Could you set down the listing below exactly and omit its images?
** Opening SOURCE DATA block **
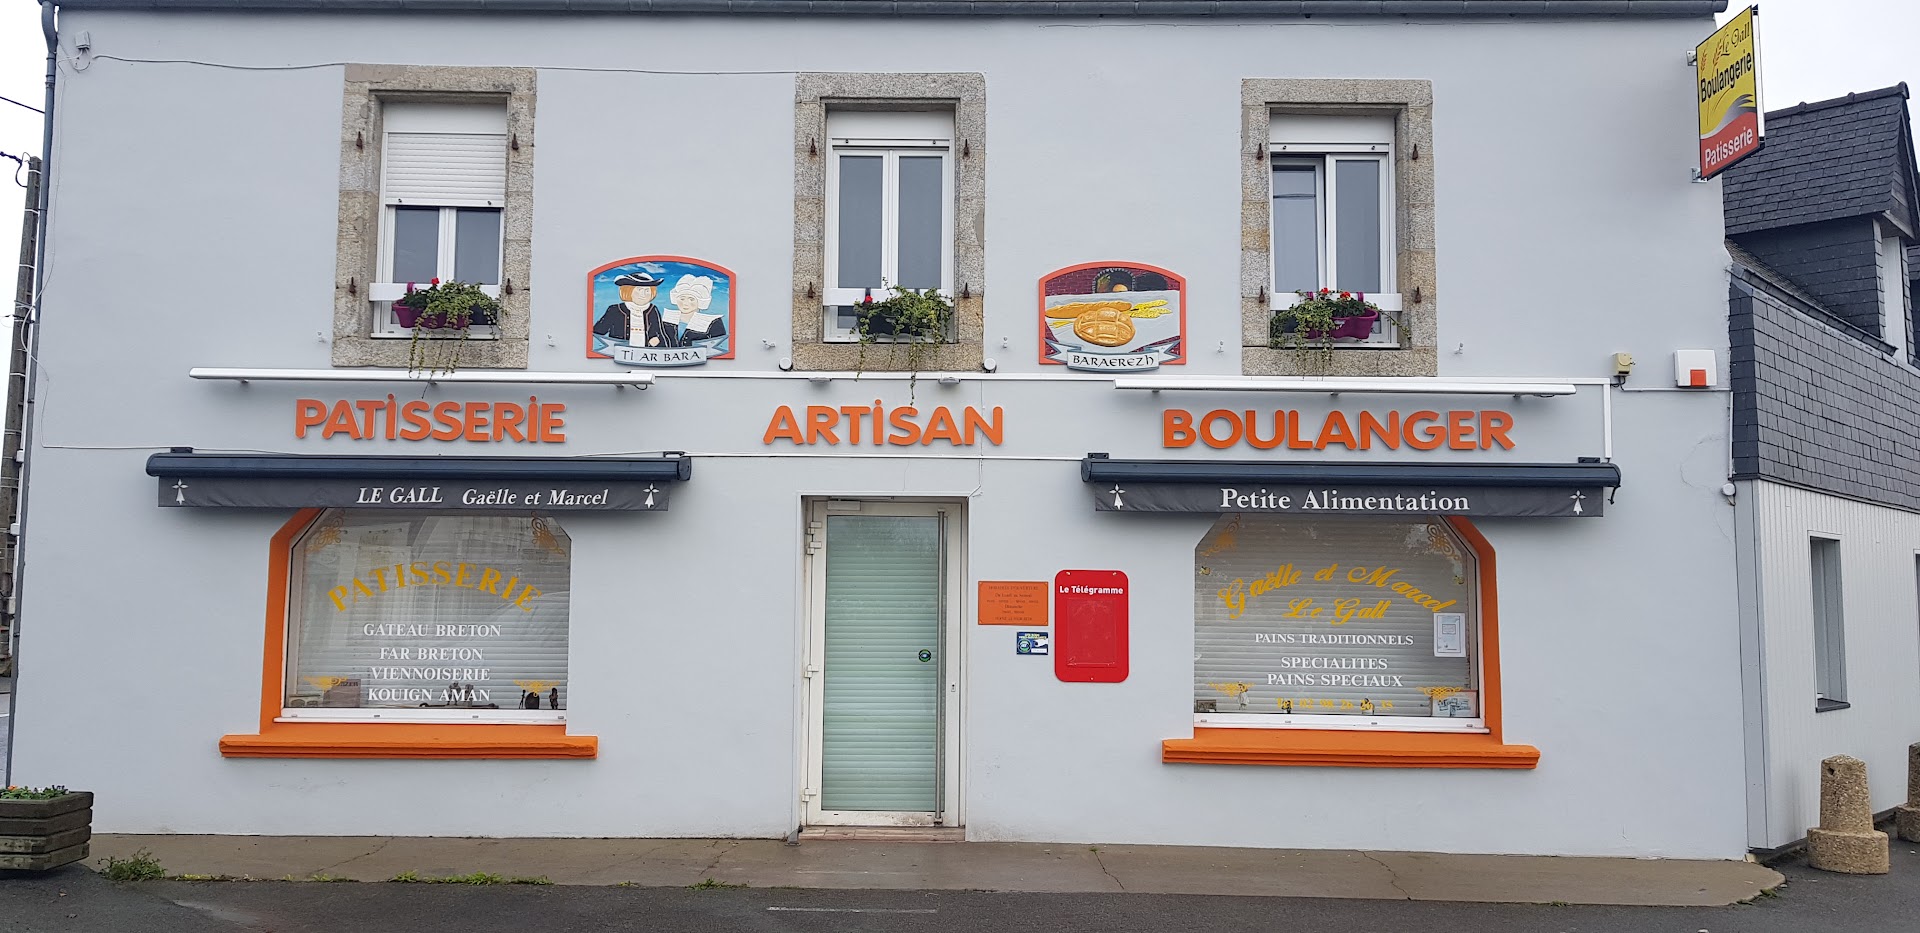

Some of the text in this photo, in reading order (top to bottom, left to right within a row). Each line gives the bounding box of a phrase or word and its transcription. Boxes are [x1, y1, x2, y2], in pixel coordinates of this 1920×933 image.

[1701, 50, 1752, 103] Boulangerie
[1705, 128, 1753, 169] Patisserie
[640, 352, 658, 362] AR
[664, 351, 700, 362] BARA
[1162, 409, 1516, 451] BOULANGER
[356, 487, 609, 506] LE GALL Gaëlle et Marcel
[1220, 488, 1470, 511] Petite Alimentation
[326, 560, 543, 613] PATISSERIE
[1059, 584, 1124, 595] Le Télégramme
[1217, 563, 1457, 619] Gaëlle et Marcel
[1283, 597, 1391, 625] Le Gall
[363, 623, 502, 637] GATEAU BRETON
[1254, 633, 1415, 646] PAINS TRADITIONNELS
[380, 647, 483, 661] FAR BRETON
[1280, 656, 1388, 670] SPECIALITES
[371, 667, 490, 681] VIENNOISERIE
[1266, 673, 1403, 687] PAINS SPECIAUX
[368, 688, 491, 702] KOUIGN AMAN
** Closing SOURCE DATA block **
• [TASK RESULT]
Some of the text in this photo, in reading order (top to bottom, left to right within a row). Each line gives the bounding box of a phrase or word and its transcription. Boxes are [x1, y1, x2, y2], in pixel coordinates of this 1920×933 image.

[1701, 50, 1752, 103] Boulangerie
[1705, 128, 1753, 169] Patisserie
[640, 352, 658, 362] AR
[664, 351, 700, 362] BARA
[1162, 409, 1516, 451] BOULANGER
[356, 487, 609, 506] LE GALL Gaëlle et Marcel
[1220, 488, 1470, 511] Petite Alimentation
[326, 560, 543, 613] PATISSERIE
[1059, 584, 1124, 595] Le Télégramme
[1217, 563, 1457, 619] Gaëlle et Marcel
[1283, 597, 1391, 625] Le Gall
[363, 623, 502, 637] GATEAU BRETON
[1254, 633, 1415, 646] PAINS TRADITIONNELS
[380, 647, 483, 661] FAR BRETON
[1280, 656, 1388, 670] SPECIALITES
[371, 667, 490, 681] VIENNOISERIE
[1266, 673, 1403, 687] PAINS SPECIAUX
[368, 688, 491, 702] KOUIGN AMAN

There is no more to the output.